Mais próximos do futuro. Oito avanços na ciência em 2023
Não goza do palato apurado de um gourmand, apreciador de boa cozinha, tão pouco aspira à categoria de crítico gastronómico. O Foodly, um robô que debutou numa mostra de tecnologia nipónica em 2022, após anos em desenvolvimento, não eleva a grandes patamares a sua experiência culinária. A máquina desenvolvida pela japonesa RT Corporation recorre a tecnologia de reconhecimento de imagens para identificar comida e socorre-se de "mãos" em forma de pegas para servir alimentos. Há perto de um ano, o Foodly, com o seu metro e meio de altura, foi apresentado como uma solução de baixo custo para responder à escassez de mão de obra no setor da restauração. As "garras" robóticas do aprendiz de cozinheiro japonês estão a anos-luz do avanço que o Instituto Federal Suíço de Tecnologia (ETHZ), sediado em Zurique e a startup norte-americana Inkbit, apresentaram este mês de novembro. Do laboratório da empresa do ramo da engenharia e tecnologia, saiu uma impressão 3D que abre novos caminhos na produção de estruturas robóticas leves. Um desenvolvimento que contraria a rigidez de movimentos dos robôs que, diferentemente da fluidez dos movimentos humanos, é cativa de juntas artificiais fabricadas a partir de materiais rígidos como fibra de carbono e metal.
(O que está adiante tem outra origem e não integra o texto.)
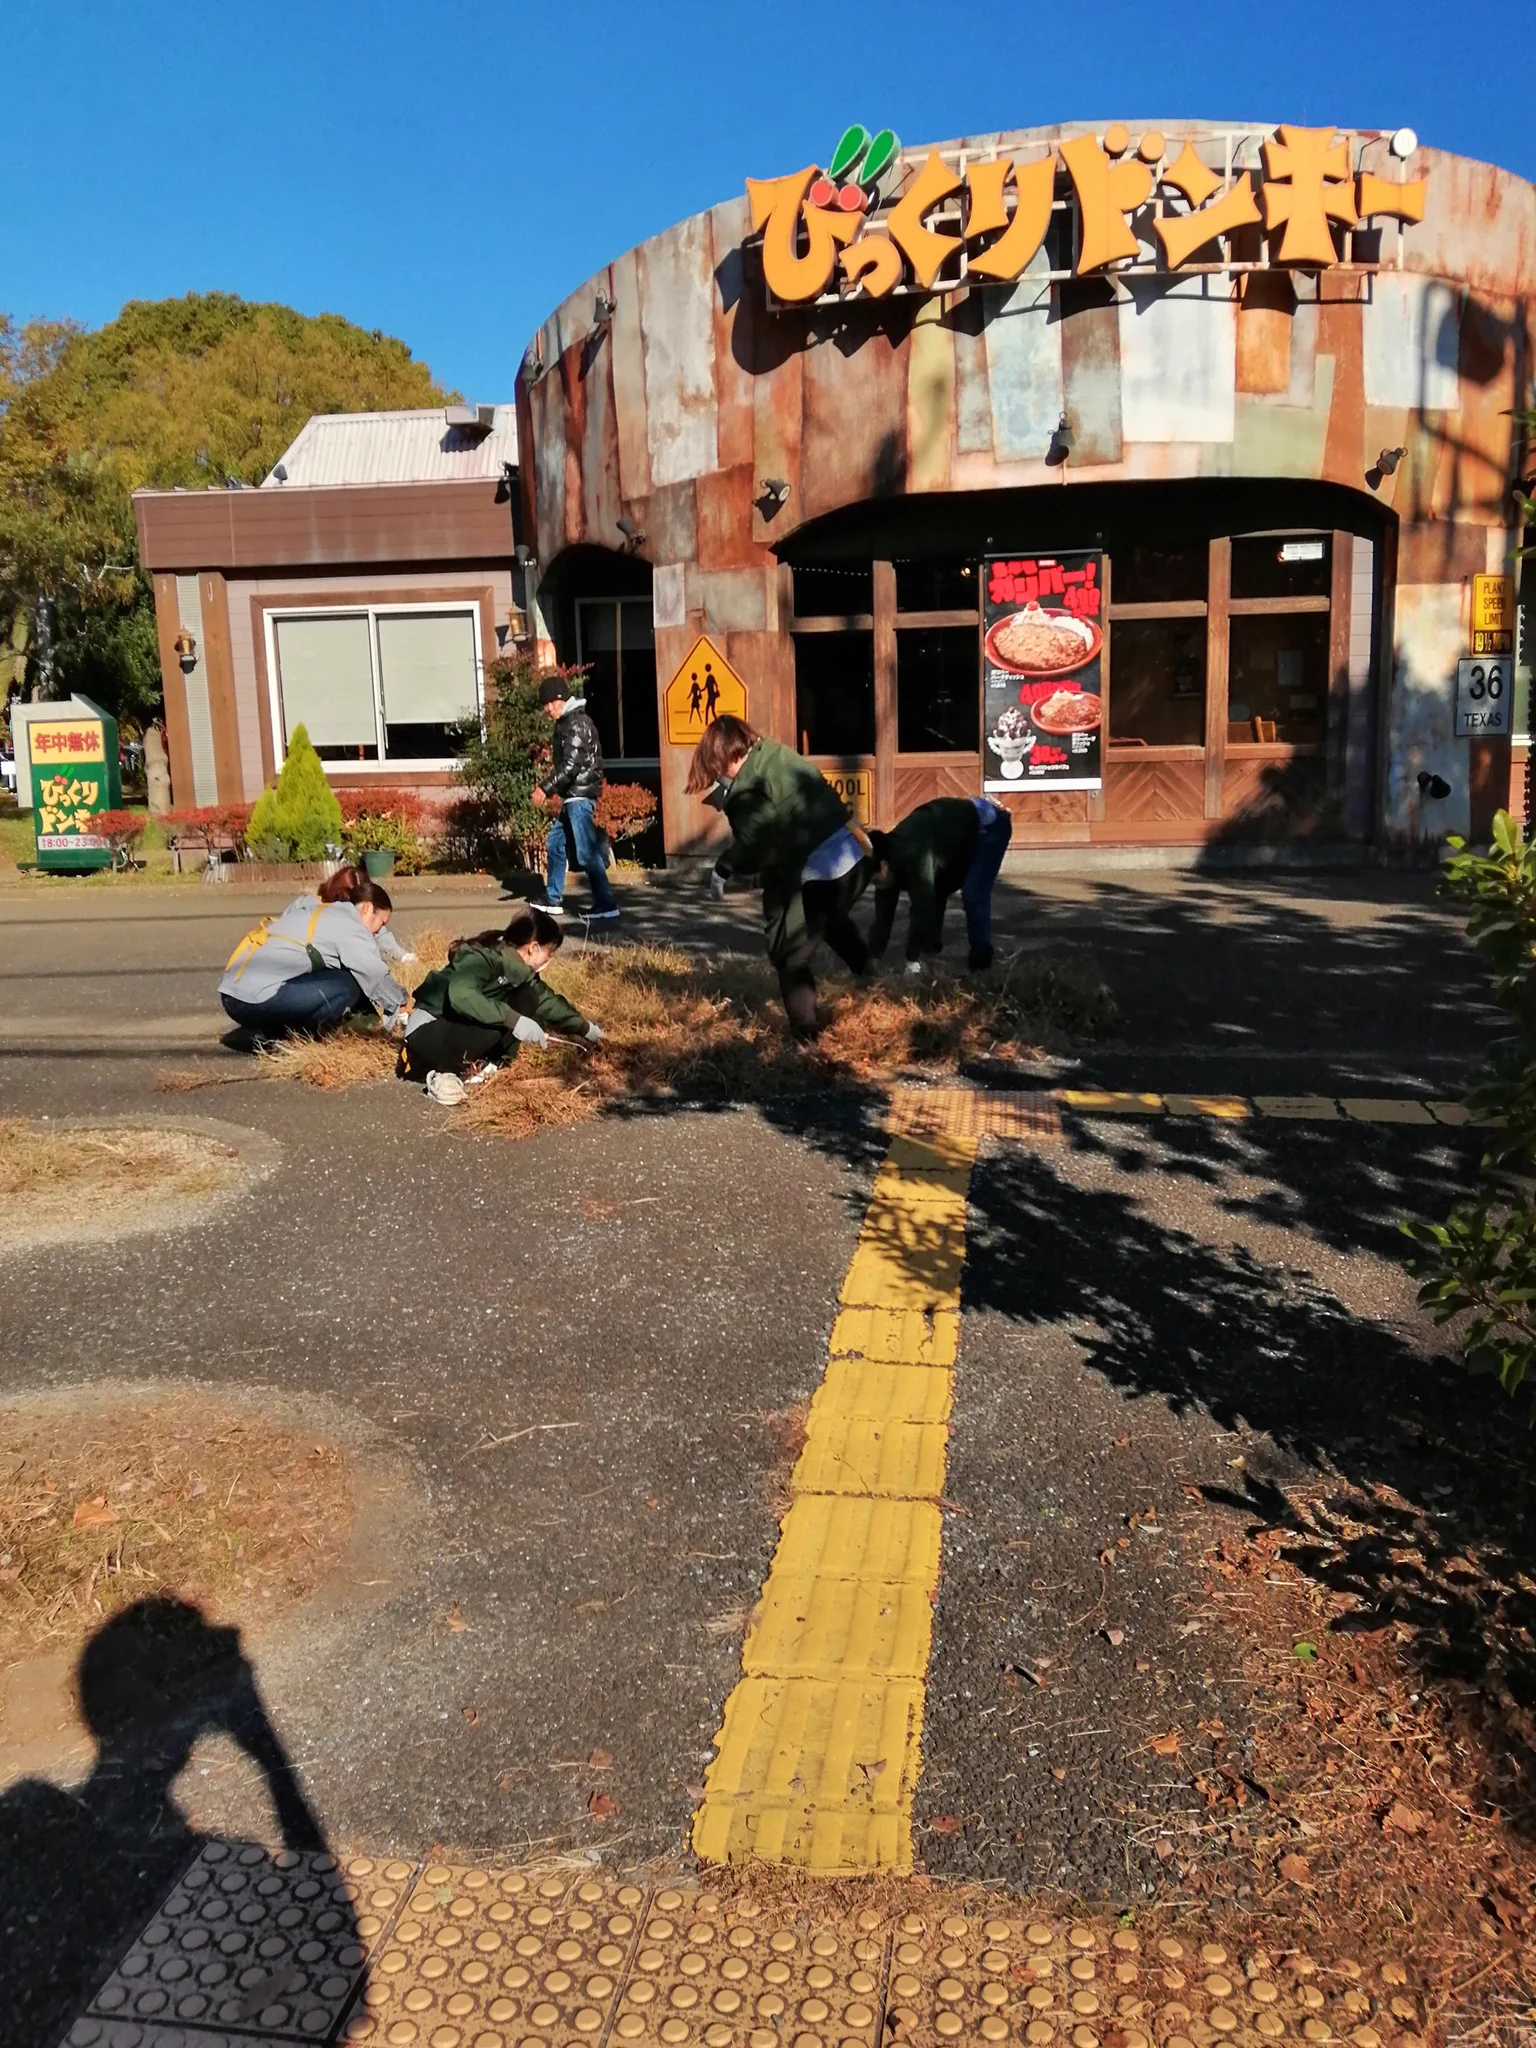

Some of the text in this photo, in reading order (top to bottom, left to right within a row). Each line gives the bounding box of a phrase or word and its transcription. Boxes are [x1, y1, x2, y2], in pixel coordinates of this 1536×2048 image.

[746, 124, 1427, 300] びっくりドンキー
[1483, 582, 1506, 594] PLANT
[1483, 598, 1506, 610] SPEED
[1484, 613, 1504, 625] LIMIT
[1469, 665, 1503, 700] 36
[1464, 712, 1503, 728] TEXAS
[35, 731, 100, 753] 年中無休
[39, 778, 99, 807] びっくり
[38, 805, 91, 834] ドンキ
Um vídeo publicado online pela referida instituição (pesquise-se "Printed robots with bones") dá-nos mostra de uma mão robótica provida de ossos, ligamentos e tendões fabricada a partir de diferentes polímeros com recurso a uma nova tecnologia de varredura a laser. A gama de materiais que podem ser utilizados na impressão 3D, inclui plásticos de secagem mais lenta, com a vantagem de possuírem melhores propriedades elásticas, assim como se apresentarem mais duráveis e robustos. Esta nova tecnologia de "robótica suave" também facilita a combinação de materiais macios, elásticos e rígidos. Sobre a nova mão robótica, cuja produção foi esmiuçada na revista Nature (a 15 de novembro) e disponível para leitura online, adianta Thomas Buchner, investigador no Instituto Federal Suíço de Tecnologia: "Embora esta mão ainda não possa ser colocada num ser humano e usada adequadamente, é um primeiro passo neste processo de impressão".
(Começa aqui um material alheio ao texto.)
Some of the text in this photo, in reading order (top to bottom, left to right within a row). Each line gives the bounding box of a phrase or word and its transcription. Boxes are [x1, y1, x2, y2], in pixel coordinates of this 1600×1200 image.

Do campo da robótica com potencial aplicação médica para a ciência da genómica, o mês de fevereiro de 2023 trouxe notícias a partir do National Institute of Health, nos Estados Unidos. Investigadores daquela instituição apresentaram uma ferramenta de software capaz de montar sequências genómicas completas, ou seja, sem intervalos, de uma variedade de espécies. O software Verkko ("rede" em finlandês) foi desenvolvido em 2022 a partir da primeira sequência efetivamente completa do genoma humano. O desenvolvimento é detalhado na revista Nature Biotechnology, no artigo "Telomere-to-telomere assembly of diploid cromossomos with Verkko". Com o novo software os investigadores podem avaliar melhor a diversidade genómica humana, assim como de espécies comumente usadas em pesquisas, como o rato, a mosca-da-fruta e o peixe-zebra. Acresce que a geração de sequências genómicas sem intervalos de uma variedade de plantas, animais e outros organismos trará suporte à genómica comparativa.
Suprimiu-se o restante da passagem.